Help with rooster!!!

Discussion in 'Chicken Behaviors and Egglaying' started by skeeter9, May 10, 2007.

  1. skeeter9

    skeeter9 Songster

    I have an Ameraucana rooster that is 15 months old. We love him to death, but are having trouble with his "rooster" behavior. He is constantly challenging us, which I know is normal, but even with very diligent correction the behavior doesn't seem to be diminishing much. I read everything I could find on this site about dealing with this and my whole family and I have been very consistent in putting him in his place and keeping at it until he turns and runs. He doesn't only attack us when we are approaching his ladies - he will come from clear across the pasture to attack us from behind, etc.

    To be a little more specific about how we correct him - we smack him with anything handy or kick him, etc. and we don't stop until he turns tail and runs. Most of the time we even chase him a little bit while he's running just to get the point across!!!

    I really don't want to have to get rid of him - he is aboslutely beautiful and I want to keep him for breeding. He is also very good to his hens. Does anyone have any other suggestions?

  2. justusnak

    justusnak Flock Mistress

    Feb 28, 2007
    South Eastern Indiana
    Well...I have a RIR roo, that is now just over a year old. He tried this posture with me a few times. This is what I did....I went and got a jacket on....long sleeves...and went back out there. When he tried it again....I screamed, and " flapped my wings" at him. This took ONE, when I come in the coop....he will step aside.
    I can't say this will work on all roos....hope you can find a solution....other than hitting him. Hitting him makes him want to fight back.
  3. silkiechicken

    silkiechicken Staff PhD

    Good luck. I had an EE roo go crazy and would just not give up. If you want to keep him for breeding, just think about the genes he'd be passing to future roos!
  4. chickensforever

    chickensforever In the Brooder

    Jan 16, 2007
    Bellevue, WA
    You can try picking him up quickly and holding him upside down (like cradling him upside down while holding his body). This makes them really calm and easier to work with, at least while you are around them. Sometimes he forgets though, after I've left.
  5. skeeter9

    skeeter9 Songster

    Justusnak - I know that hitting them makes them want to fight back, but from everything I've read, that's the only way to put a really aggressive one in it's place. I really hate it, because he used to be one of our very favorite chicks - very lovng and would snuggle with you for hours. I have tried flapping my wings at him and trying to make myself look very big and forbidding, but it only seemed to enflame him. Hitting any of my animals is not my way - what we really want is a more respectful roo.

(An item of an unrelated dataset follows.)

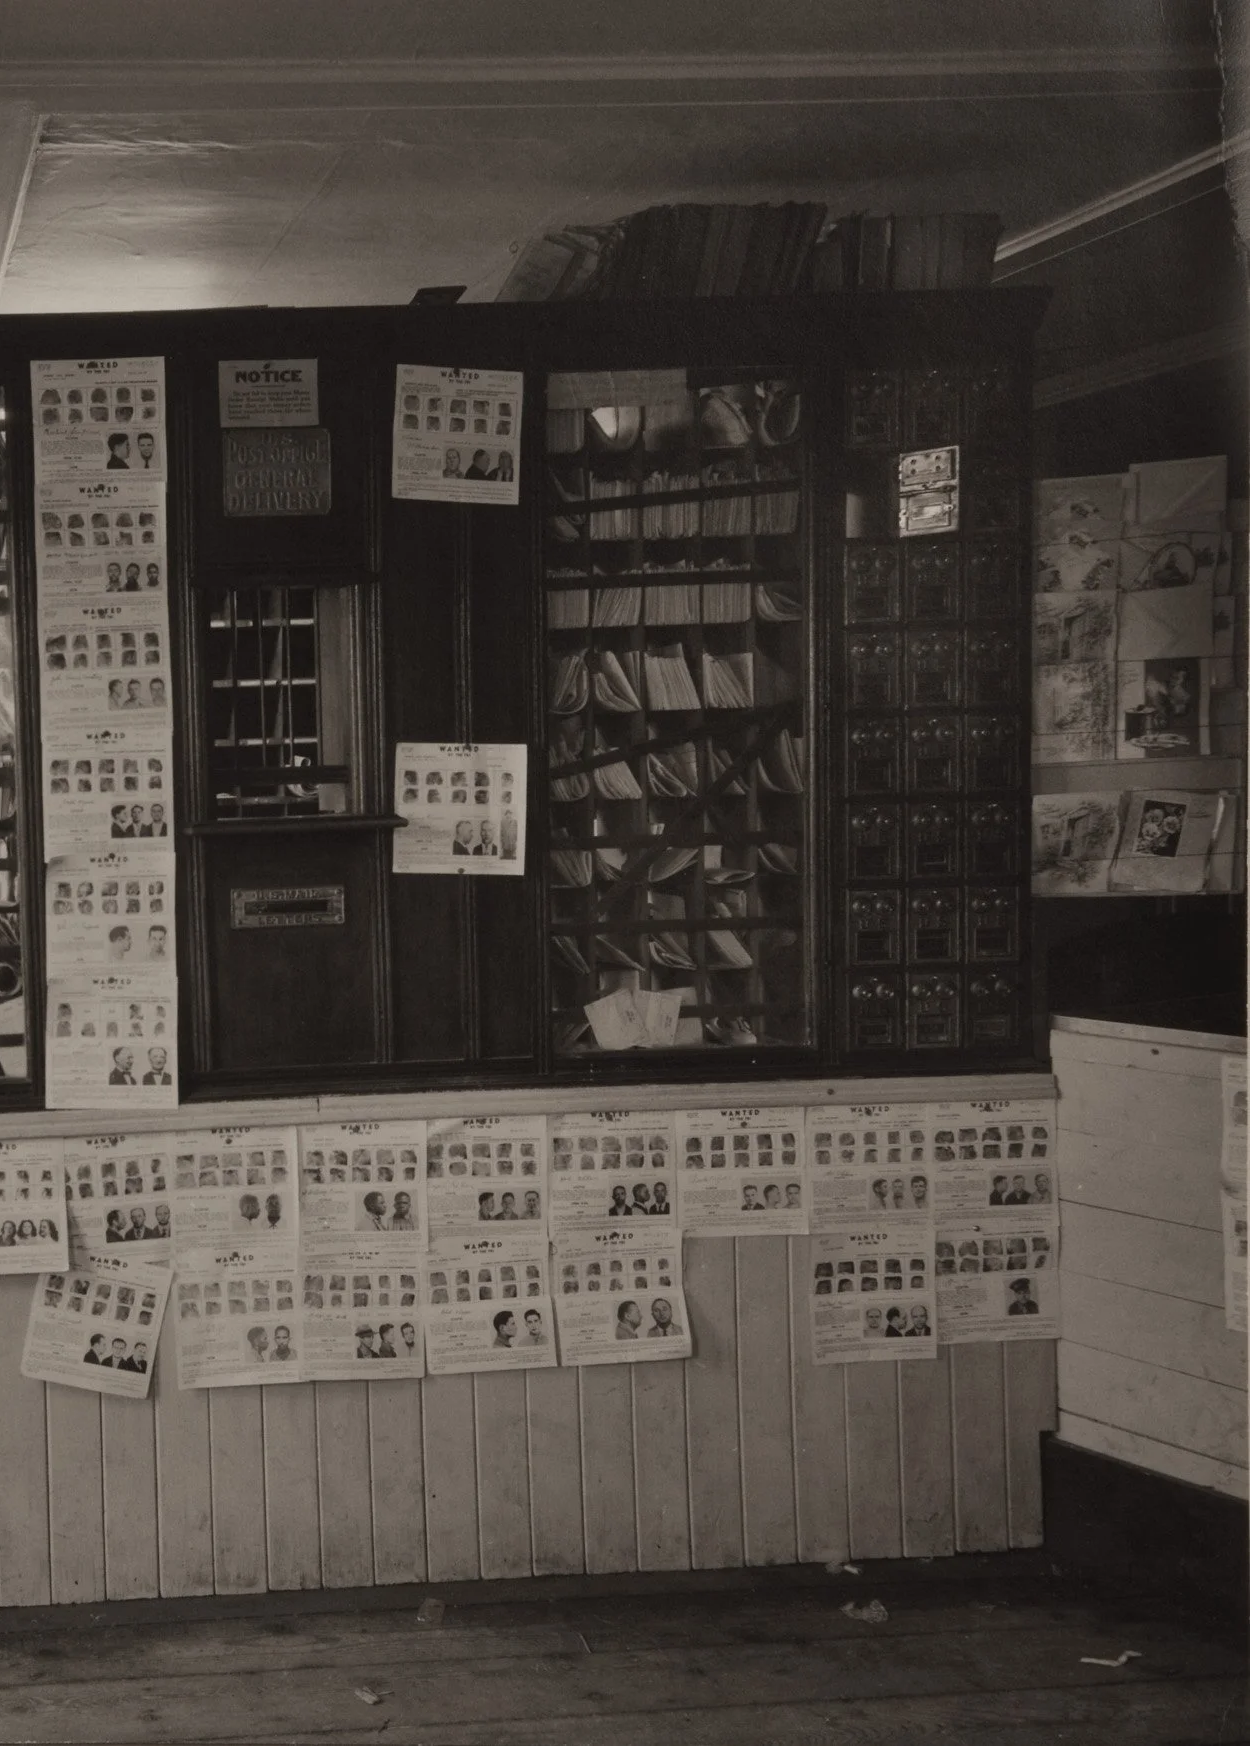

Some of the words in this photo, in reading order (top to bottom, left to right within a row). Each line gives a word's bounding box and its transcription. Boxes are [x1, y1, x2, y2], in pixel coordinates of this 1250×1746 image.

    Silkie - I certainly see what you're saying. I have resigned myself to the fact that if we can't find a way to fix this problem, we will have to get rid of the roo. I certainly don't want to pass on aggressive genes, but I also don't want to give up until we're sure we've done everything we can.

    Chickensforever - I will try holding him upside down if I can get close enough to pick him up. At this point he is so ornery when we get close to him that by bending down to pick him up, you are asking to get your face spurred!!! I'll try, though.

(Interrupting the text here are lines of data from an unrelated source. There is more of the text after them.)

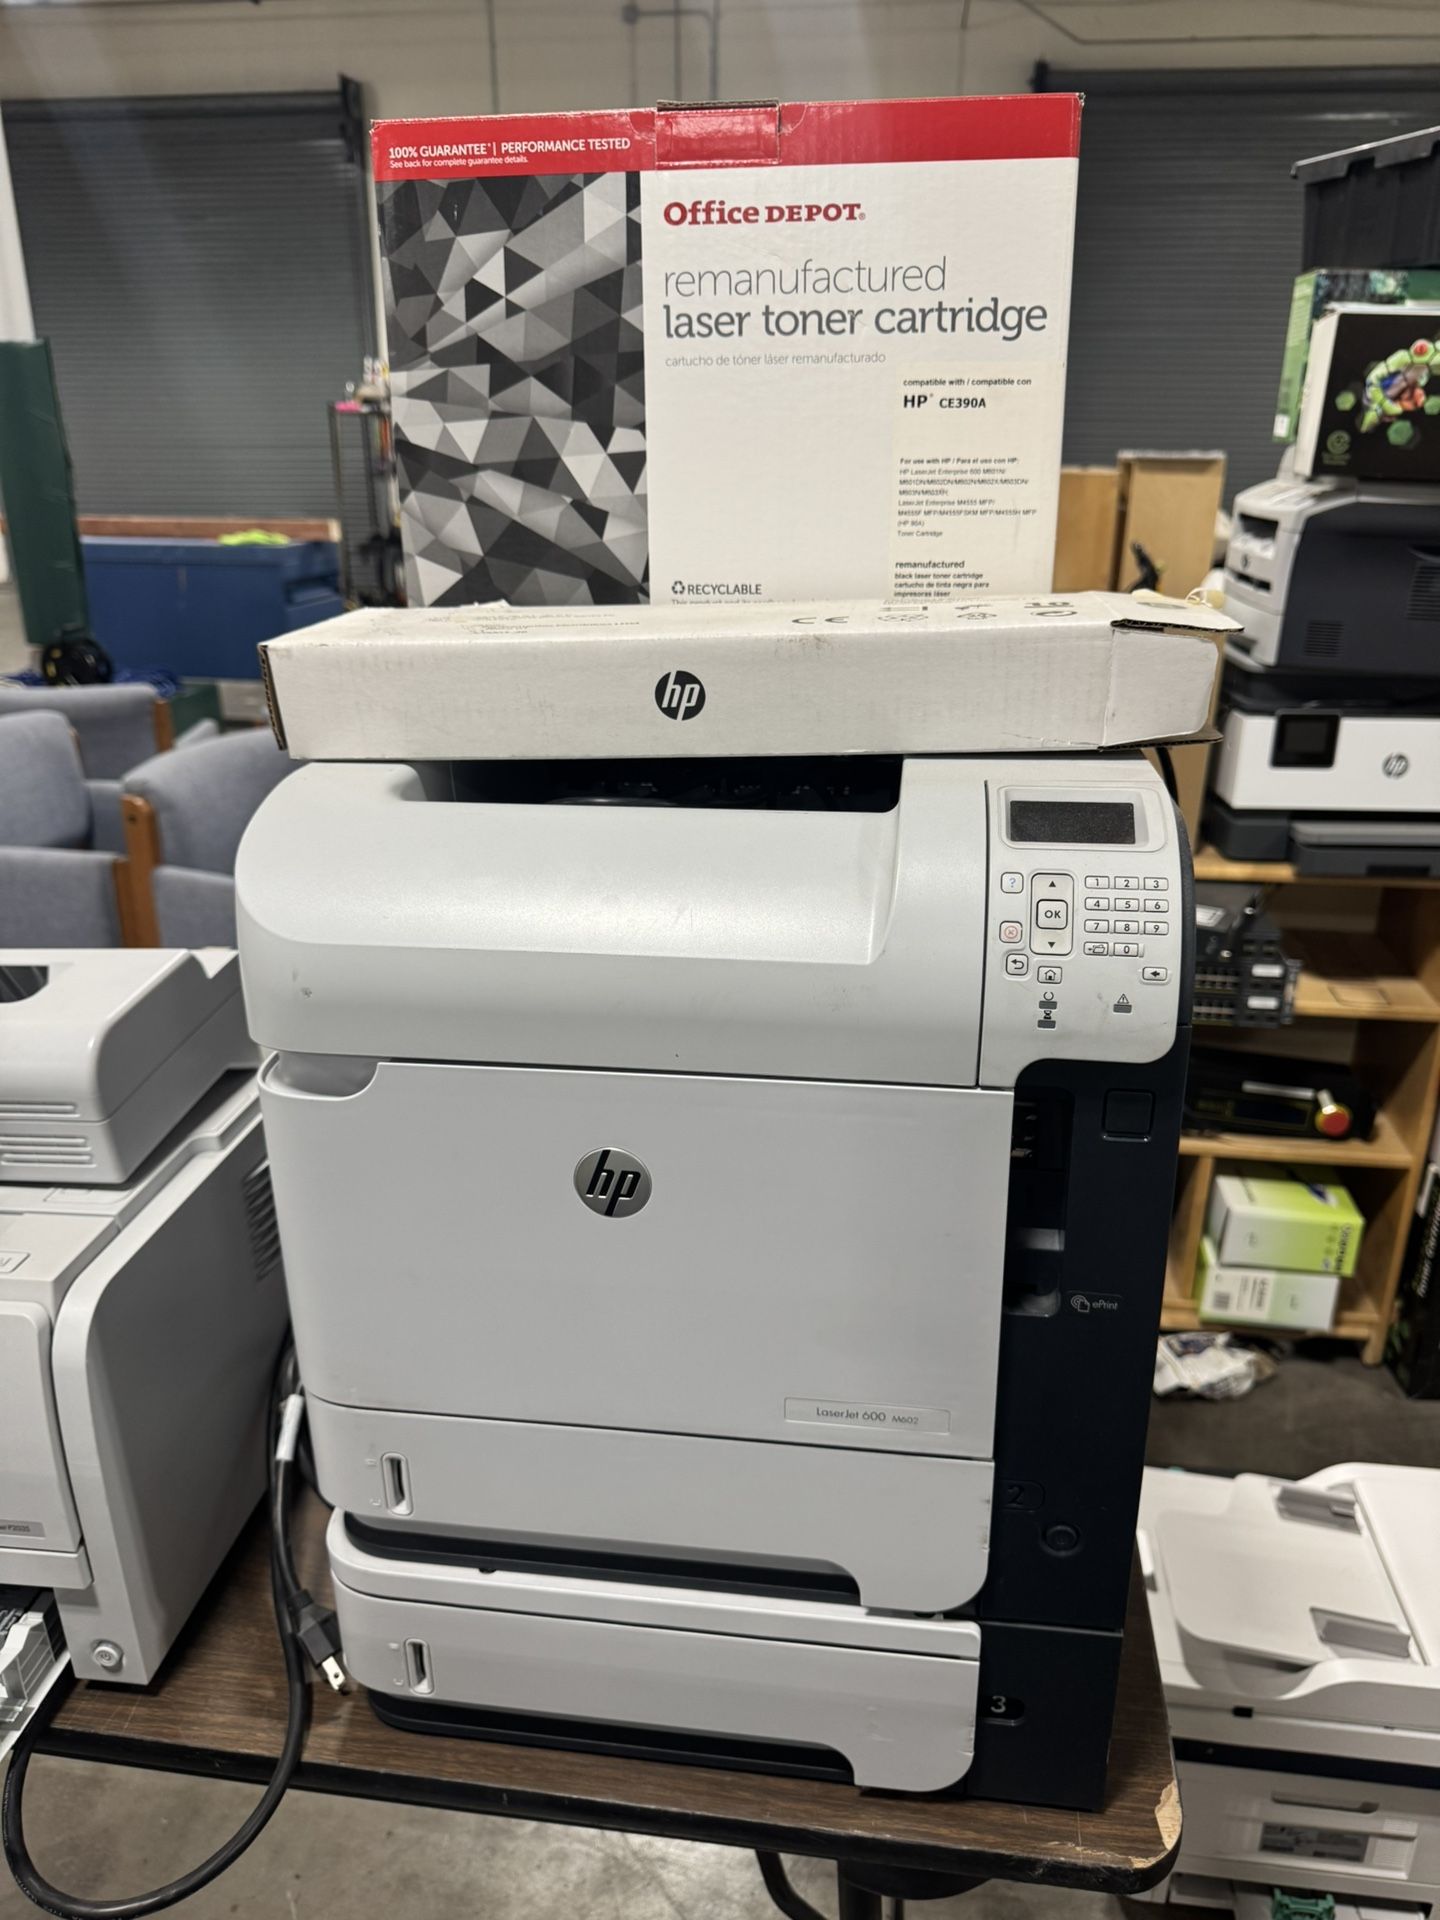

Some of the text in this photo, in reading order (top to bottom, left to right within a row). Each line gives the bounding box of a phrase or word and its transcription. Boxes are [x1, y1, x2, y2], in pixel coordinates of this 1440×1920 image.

[388, 146, 418, 159] 100%
[500, 139, 586, 154] PERFORMANCE
[587, 137, 631, 150] TESTED
[389, 155, 528, 169] See back for complete guarantee details.
[663, 200, 759, 226] Office
[664, 255, 946, 297] remanufactured
[663, 297, 1048, 341] laser toner cartridge
[665, 351, 886, 367] cartucho de tóner láser remanufacturado
[903, 378, 946, 387] compatible
[948, 378, 965, 386] with
[971, 377, 1015, 387] compatible
[1016, 378, 1032, 386] con
[939, 397, 987, 409] CE390A
[900, 457, 911, 465] For
[895, 560, 965, 569] remanufactured
[687, 583, 762, 596] RECYCLABLE
[659, 670, 703, 720] hp
[1094, 878, 1160, 888] 1 2 3
[1094, 900, 1161, 910] 4 5 6
[1044, 909, 1061, 919] OK
[1094, 922, 1160, 933] 7 8 9
[1123, 945, 1130, 954] 0
[582, 1148, 645, 1218] hp
[1092, 1299, 1118, 1310] ePrint
[816, 1407, 919, 1425] LaserJet 600 M602
[1007, 1485, 1024, 1507] 2
[990, 1695, 1006, 1713] 3

    Thanks so much for your suggestions, everyone. I really appreciate it. This is so frustrating because, up until recently, he has been a great roo. I guess his hormones have really kicked in now???

  6. bigzio

    bigzio Crowing

    Jan 20, 2007
    Yep, creating a large posture by spreading your arms like a eagle does wonders for showing him who is really the boss. I do that and walk slowly toward any roo with great results. Going slowly forward is key here. Really no need to say anything other than posture.

  7. Frozen Feathers

    Frozen Feathers Songster

    May 4, 2007
    Out of all the roosters I've ever had, Americaunas are the worst. I've had three of them and everyone turned nasty at about a year old. I've never had one give up and last year we had two and both went after my daughter. I've had/have Phoenix , Japs, Lakenvelders, Silkies, Barred Rocks, Campines, and an Australop roos and none of them have ever challenged me or other people except for the Americaunas. I'm wondering if it's in their nature to be aggressive? It's strange because all my girls have always been so wonderful. I don't know how to deal with an aggressive roo other then to make soup...
    Last edited by a moderator: May 11, 2007
  8. ella

    ella Songster

    It's funny but the best thing I've found is inspired by Cesar Millan (He's the Dog Whisperer on NGC). It really got me to understand what the roosters were doing.

    The only way hitting and aggression works is if the rooster is so afraid that he flees every time he see's you- which doesn't happen very often because they have a tendency to defend their flock to the death.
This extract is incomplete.